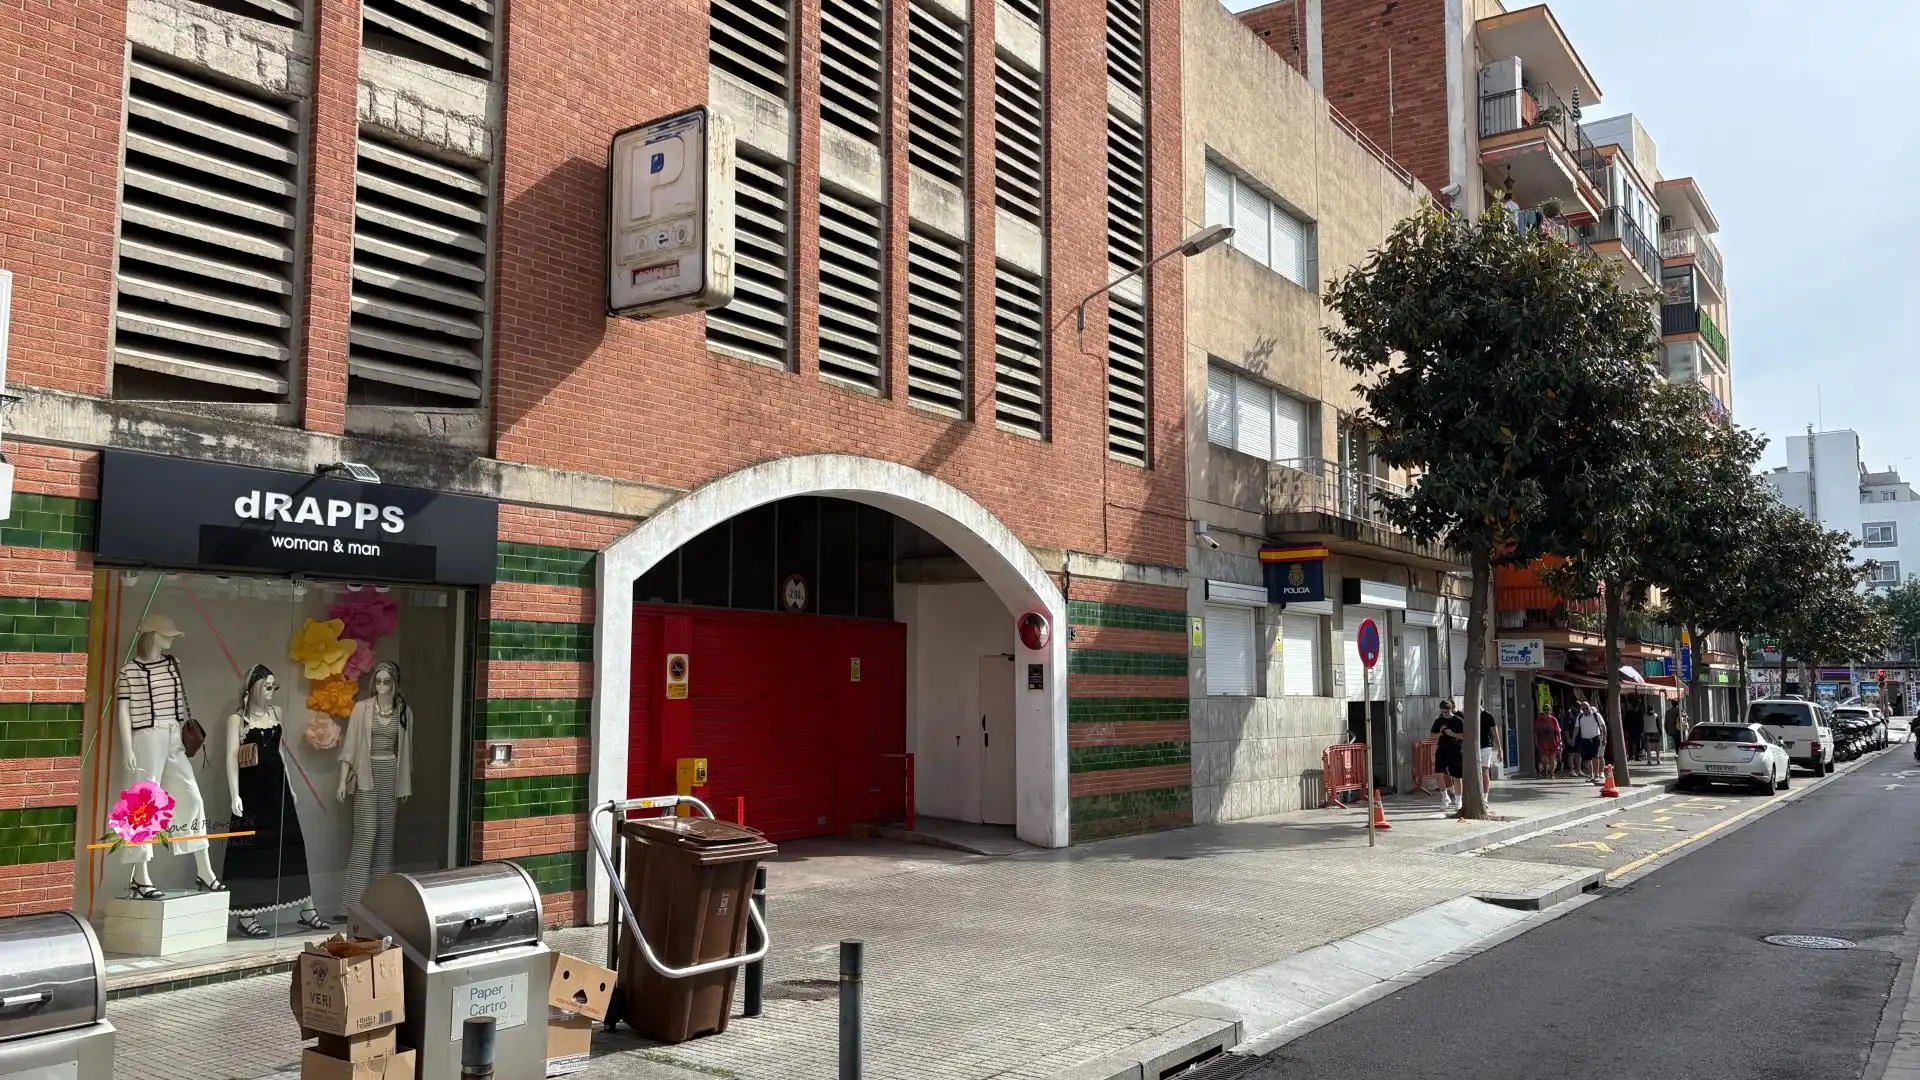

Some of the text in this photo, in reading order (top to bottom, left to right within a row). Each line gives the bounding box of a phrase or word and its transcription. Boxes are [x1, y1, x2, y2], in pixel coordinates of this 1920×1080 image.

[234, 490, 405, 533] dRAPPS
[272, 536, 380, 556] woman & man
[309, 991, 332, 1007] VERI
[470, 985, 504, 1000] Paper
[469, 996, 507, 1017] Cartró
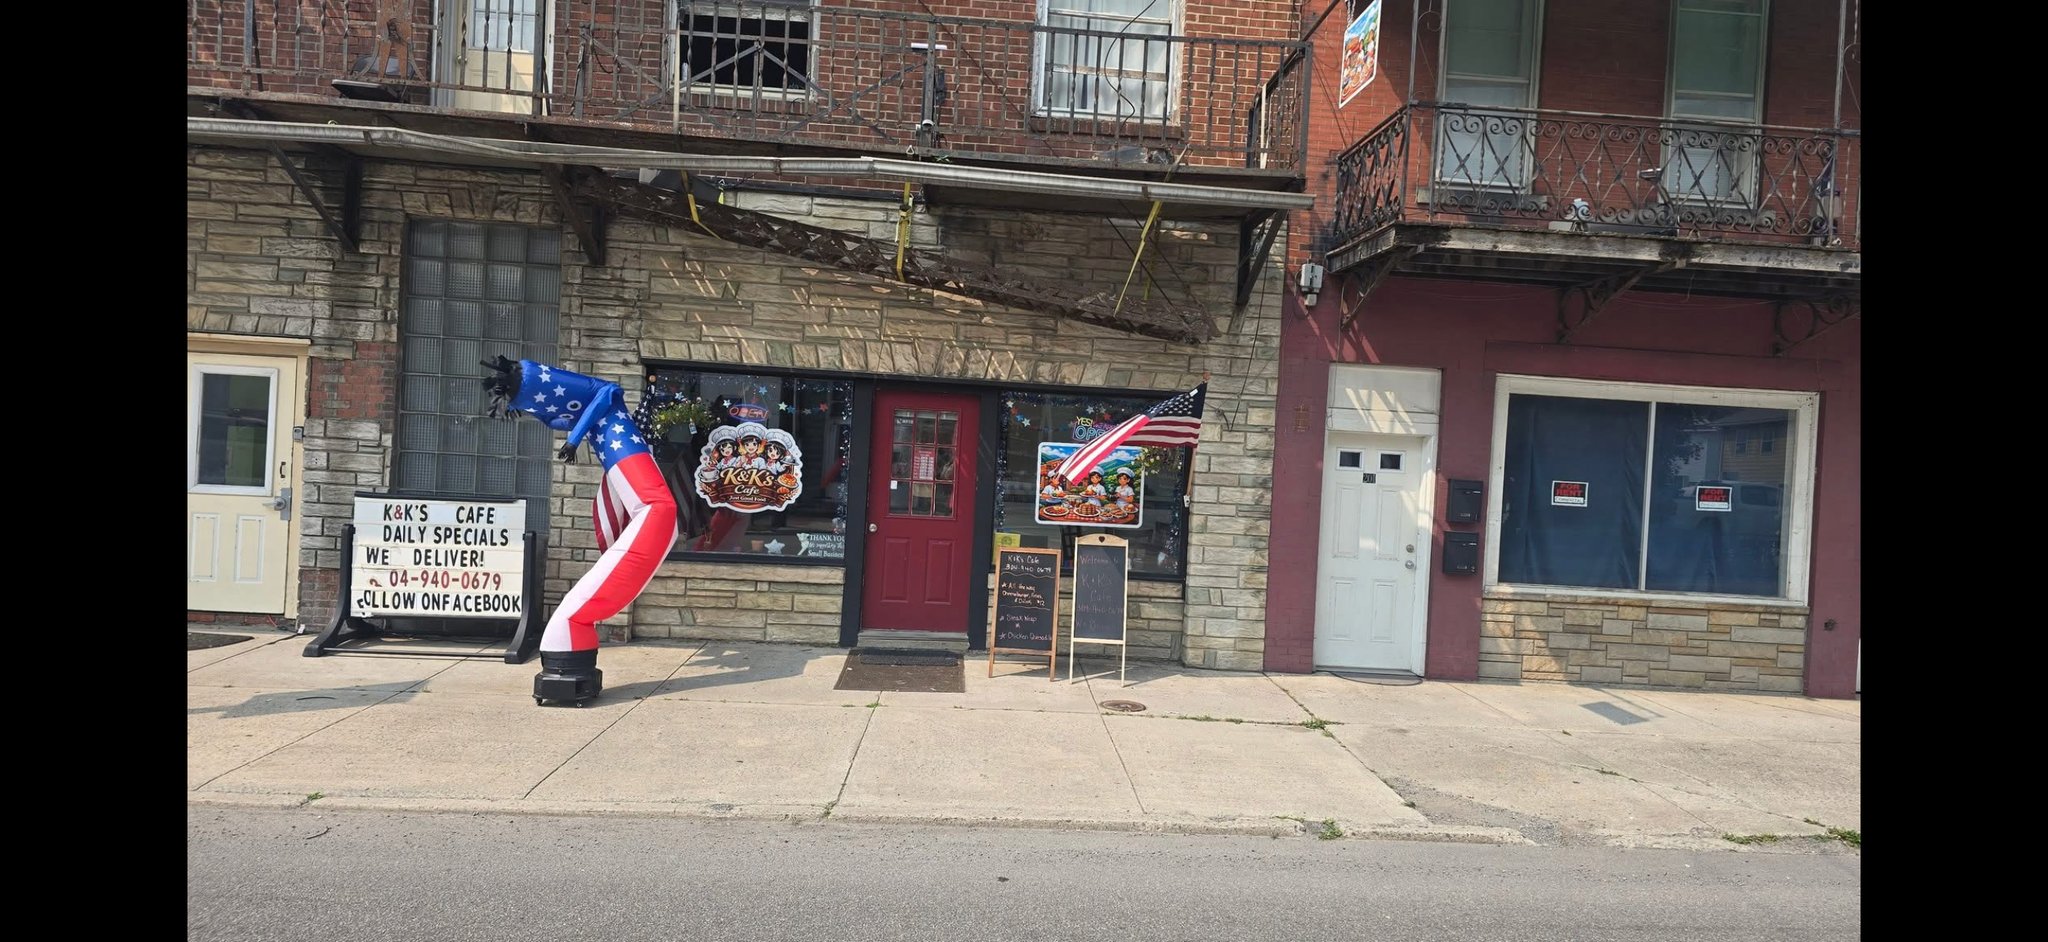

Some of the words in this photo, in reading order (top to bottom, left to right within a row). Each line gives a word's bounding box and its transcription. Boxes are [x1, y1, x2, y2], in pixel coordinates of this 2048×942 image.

**What the task requires**
The listing above must be retyped word for word, without the pictures.

**Expected output**
Some of the text in this photo, in reading order (top to bottom, left to right within a row). Each line gives the bounding box of a phrase or word and its transcription. Boxes are [x1, y1, x2, y2], in pixel coordinates of this 1920×1080 image.

[234, 490, 405, 533] dRAPPS
[272, 536, 380, 556] woman & man
[309, 991, 332, 1007] VERI
[470, 985, 504, 1000] Paper
[469, 996, 507, 1017] Cartró

Some of the words in this photo, in reading order (top to bottom, left to right within a row). Each line gives a word's bounding box and its transcription. Boxes are [x1, y1, x2, y2], in pixel coordinates of this 2048×942 image.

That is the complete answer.